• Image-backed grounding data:

★ ★ ★ ★

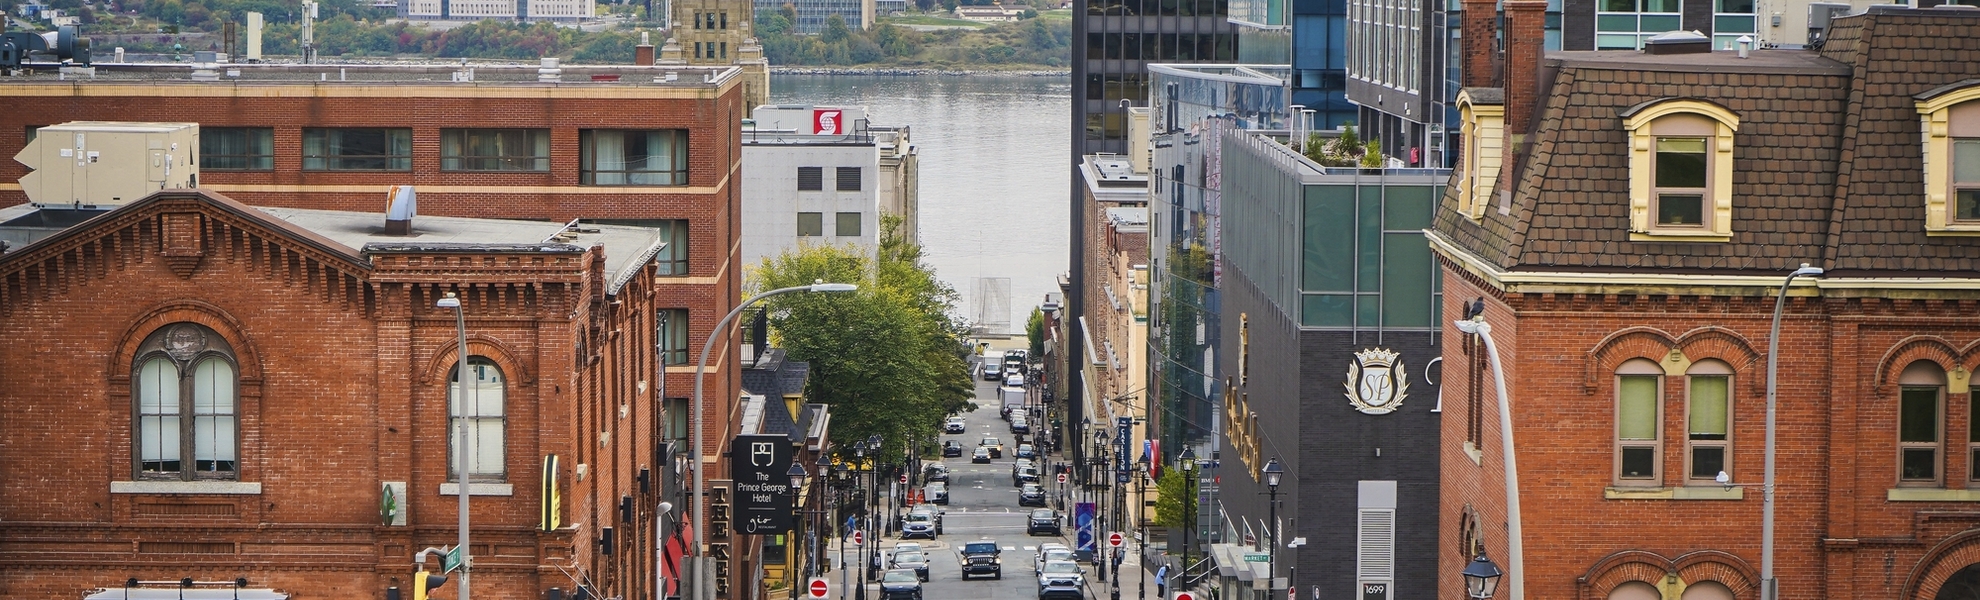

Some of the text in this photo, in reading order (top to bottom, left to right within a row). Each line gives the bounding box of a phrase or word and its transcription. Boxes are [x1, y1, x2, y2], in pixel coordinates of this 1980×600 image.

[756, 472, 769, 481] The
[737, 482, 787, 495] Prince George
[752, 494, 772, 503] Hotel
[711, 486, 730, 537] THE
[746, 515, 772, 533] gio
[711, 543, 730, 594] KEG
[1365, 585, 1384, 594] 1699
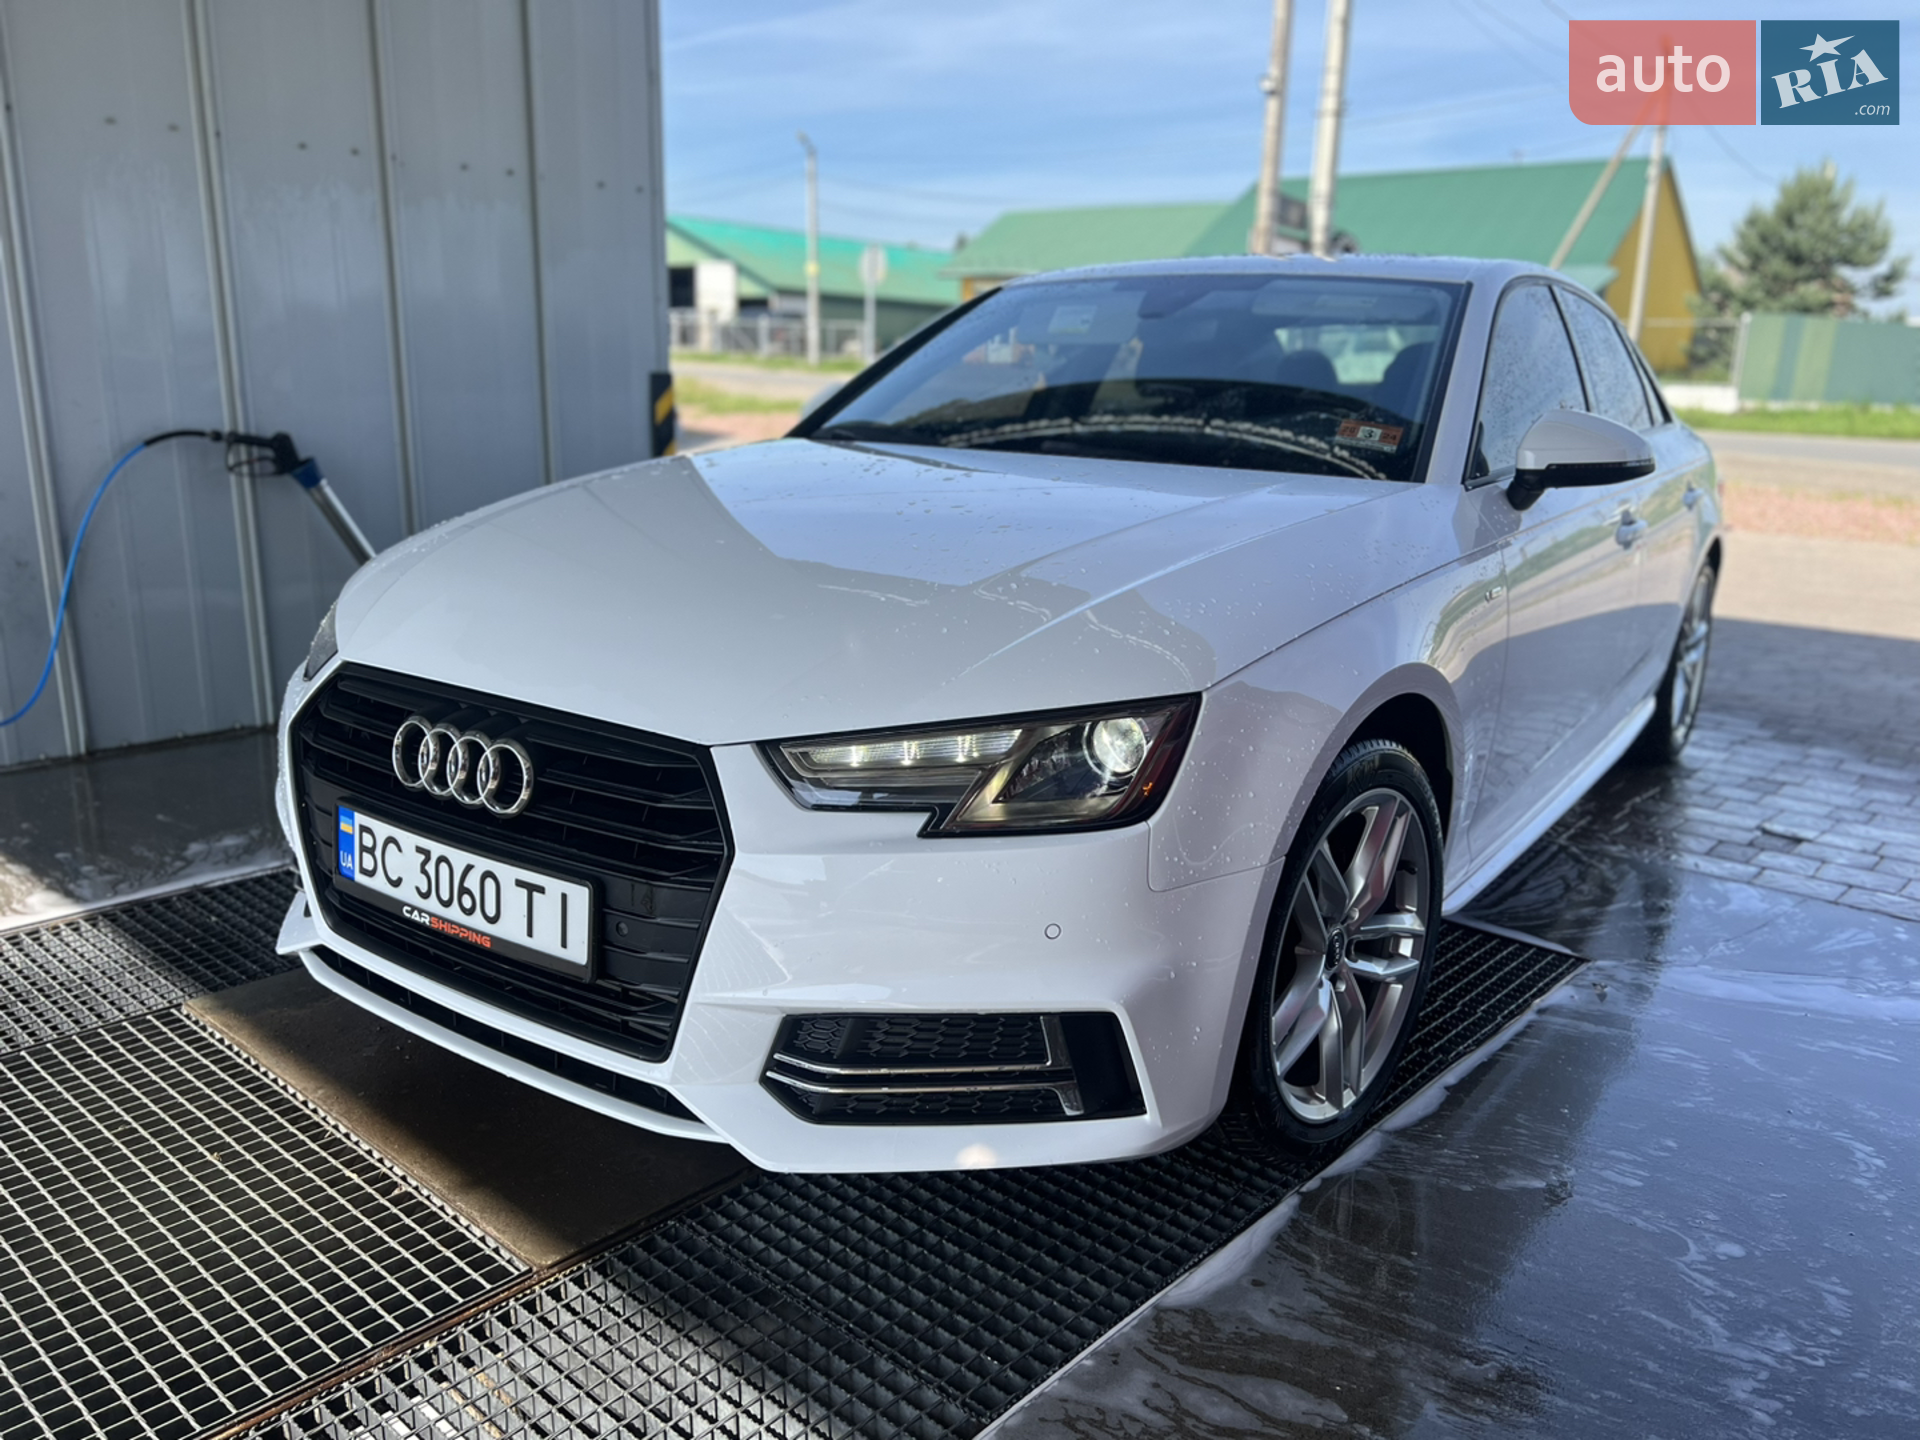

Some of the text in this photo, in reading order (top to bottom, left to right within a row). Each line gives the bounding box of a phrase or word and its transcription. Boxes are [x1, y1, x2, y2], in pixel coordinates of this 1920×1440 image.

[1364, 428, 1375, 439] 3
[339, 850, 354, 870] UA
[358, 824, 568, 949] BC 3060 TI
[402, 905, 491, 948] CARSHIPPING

★ ★ ★ ★

• What you should do: Reproduce all entries above exactly, minus the images.

• Response area:
Some of the text in this photo, in reading order (top to bottom, left to right within a row). Each line gives the bounding box of a phrase or word and its transcription. Boxes are [x1, y1, x2, y2], in pixel coordinates of this 1980×600 image.

[756, 472, 769, 481] The
[737, 482, 787, 495] Prince George
[752, 494, 772, 503] Hotel
[711, 486, 730, 537] THE
[746, 515, 772, 533] gio
[711, 543, 730, 594] KEG
[1365, 585, 1384, 594] 1699

Some of the text in this photo, in reading order (top to bottom, left to right within a row). Each line gives the bounding box of a phrase or word and its transcription. Boxes are [x1, y1, x2, y2], in pixel coordinates of this 1920×1440 image.

[1364, 428, 1375, 439] 3
[339, 850, 354, 870] UA
[358, 824, 568, 949] BC 3060 TI
[402, 905, 491, 948] CARSHIPPING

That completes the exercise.